パイプ・フレームはロードスターに負けるが高剛性で、スズキ製658ccターボは85psなので非力だがなんせ440kgという非合法ギリギリの軽さ。速さと臨場感は現代スポーツの比じゃない。タイヤ太めでステアリング重めでフィールこそ粘るがまるで裸で町を走るが如き一体感。しかもコレが軽なんてちょっとヤバい。

「特にミニ味が濃い」小沢コージ
 
今じゃ8年連続でVWゴルフを抜き「日本で一番売れる輸入車」となったBMWミニだが、最大の矛盾は「ミニじゃなくてデカ」とぼやかれるSUVモデル。

クロスオーバーと言われていた初代ですら、ミニ初の全長4m超えの4ドアで4駆アリ。この3代目ではさらにデカく、先代比で13cm長く1.5cm広く6.5cm高くなって全長4.5m弱。ホンダ・ヴェゼルより全然デカくなった。

ミニJCWカントリーマンALL4

それでもミニっぽいのがミラクルで、中でも最速JCWカントリーマンは特にミニ味が濃い。

フォルムは特徴的なショート・オーバーハング&ショート・ボンネット&ロング・ホイールベースで、新世代8角形グリルや6角形ライトがいかにもデジタル・キャラクターっぽい。

ミニJCWカントリーマンALL4

インパネも世界初の丸型24cmの有機ELディスプレイがミニ的でオシャレ。

極め付けは走り。316ps/400Nmの2リッターターボは下から力強くガチでミニらしい速さで、ハンドリングはサイズを感じさせないクイックさ。生々しいダイレクト感は薄れたが半分BMW風味のゴーカート・フィールあり。これは現代の奇跡でしょ。

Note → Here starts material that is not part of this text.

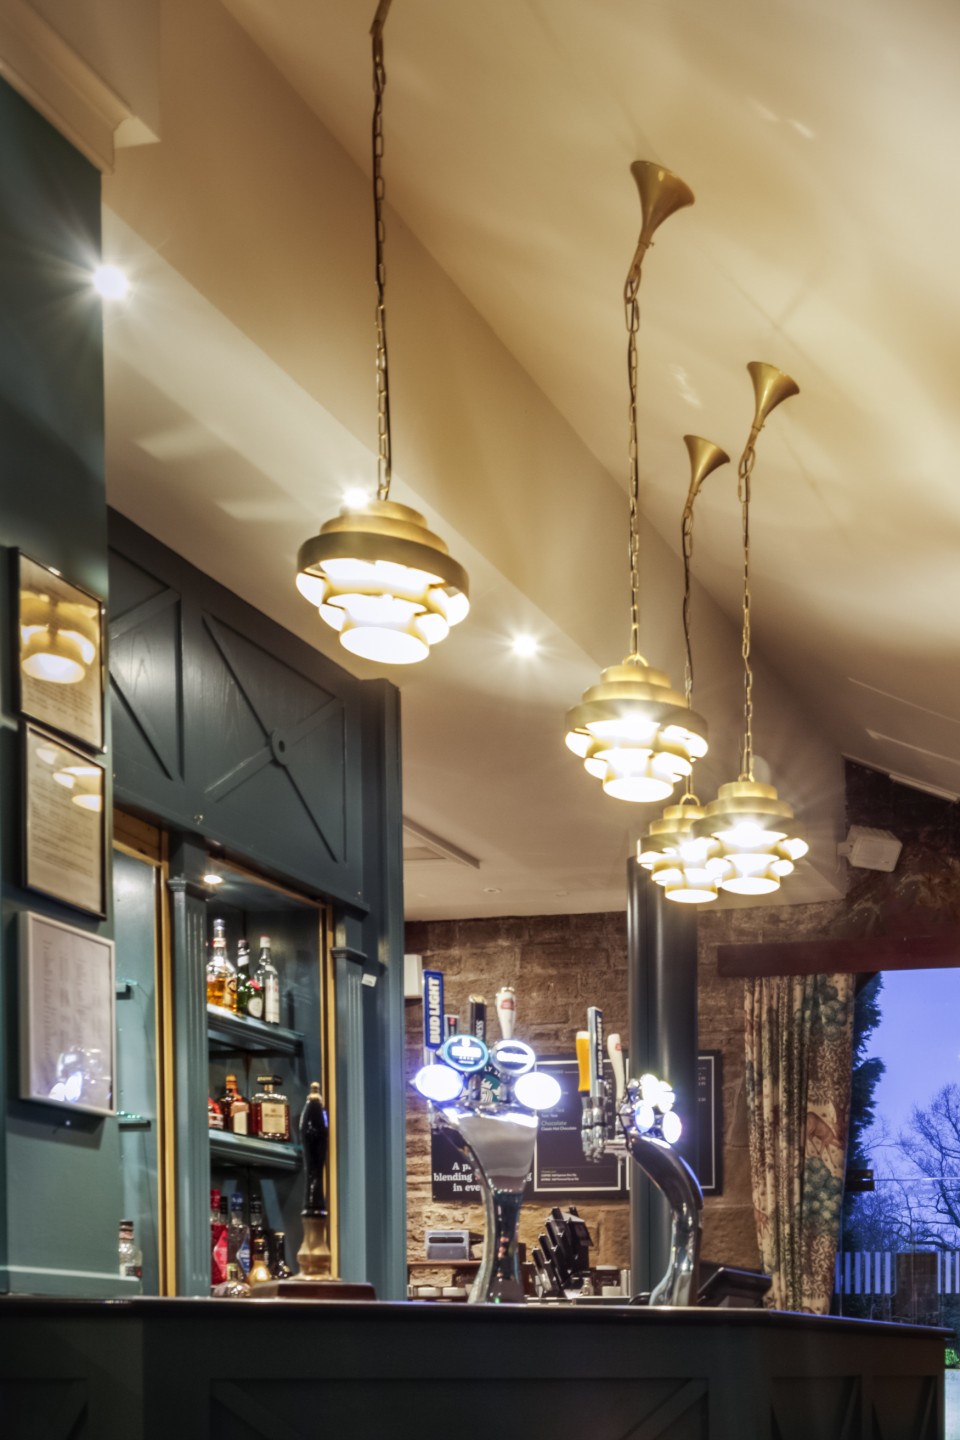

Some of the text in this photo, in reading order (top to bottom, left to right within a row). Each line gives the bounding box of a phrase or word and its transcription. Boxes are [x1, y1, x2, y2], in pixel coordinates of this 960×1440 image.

メルセデス・マイバッハEQS 680 SUV「意外に民主的かも?」

そもそもメルセデス超えのグレートすぎるマイバッハで、しかもEV専用サブ・ブランドとして産まれたEQシリーズの、さらにSクラスSUVに相当するEQS SUVベースのEV。

その権威の重ね着っぷりにまずビビるが、正直見た目はサイズ以上に可愛い。全長5.1mに全幅2m超えだが、太めの超空力フォルムがデカさを和らげる。セダンじゃなくて逆に良かった、である。

メルセデス・マイバッハEQS 680 SUV

ただし乗ると全面キルティング加工されたホワイト本革内装に圧倒され、超巨大ディスプレイと相まって走る宇宙船の如し。しかもベースのEQS SUVと違い、広大な室内を4座に割り切った超贅沢空間。対抗するとしたらレクサスLMぐらいだが、冷静に見るとこっちの方が民主的で疲れないかも。

メルセデス・マイバッハEQS 680 SUV

まずリア席からの壁のない開放感は気楽。LMのパーティション付きはドライバーが下僕っぽくなってしまう。なによりサイズの割にフラットな走りは衝撃的。LMは意外にピッチング激しく酔いそうになるがそれは皆無。きっとこれを買える人は少ないはず。だが全員がきっとキモチいいのだ。

「母国で求められる考え方」小沢コージから見た、いまのガイシャのここがスゴい!

昔ほど技術や質感の差は当然無く、すべては母国(メインマーケット)で求められる性能、考え方の差だ。

高速150km /h以上の安定感、ステアリングやパワーフィールの良さはドイツの主にベンツ、BMW、アウディ、楽しさと安心感のバランスはアルピナ、ポルシェがいい。今もぶっちぎり。



ジープに代表される力強いデザインや骨太なタッチはアメリカ車ならでは、モーガンやスーパーセブンのシーラカンス的モノ作りもイギリス車でしかありえない。

逆にスマホライクな使い勝手とコスパならBYD、ヒョンデなどが優れている。アジア車に抵抗ある人も多いだろうがコレは本当。ヒョンデ・アイオニック5Nのデジタルエンタメ度はどのメーカーも「やられた」と思っている。

日本車のメリットは端的に燃費とコスパと耐久性。差というより「考え方の違い」「歴史の差」だ。ラーメンは日本がブッチギリ、牛ステーキならアメリカが旨いのと同じなのだ。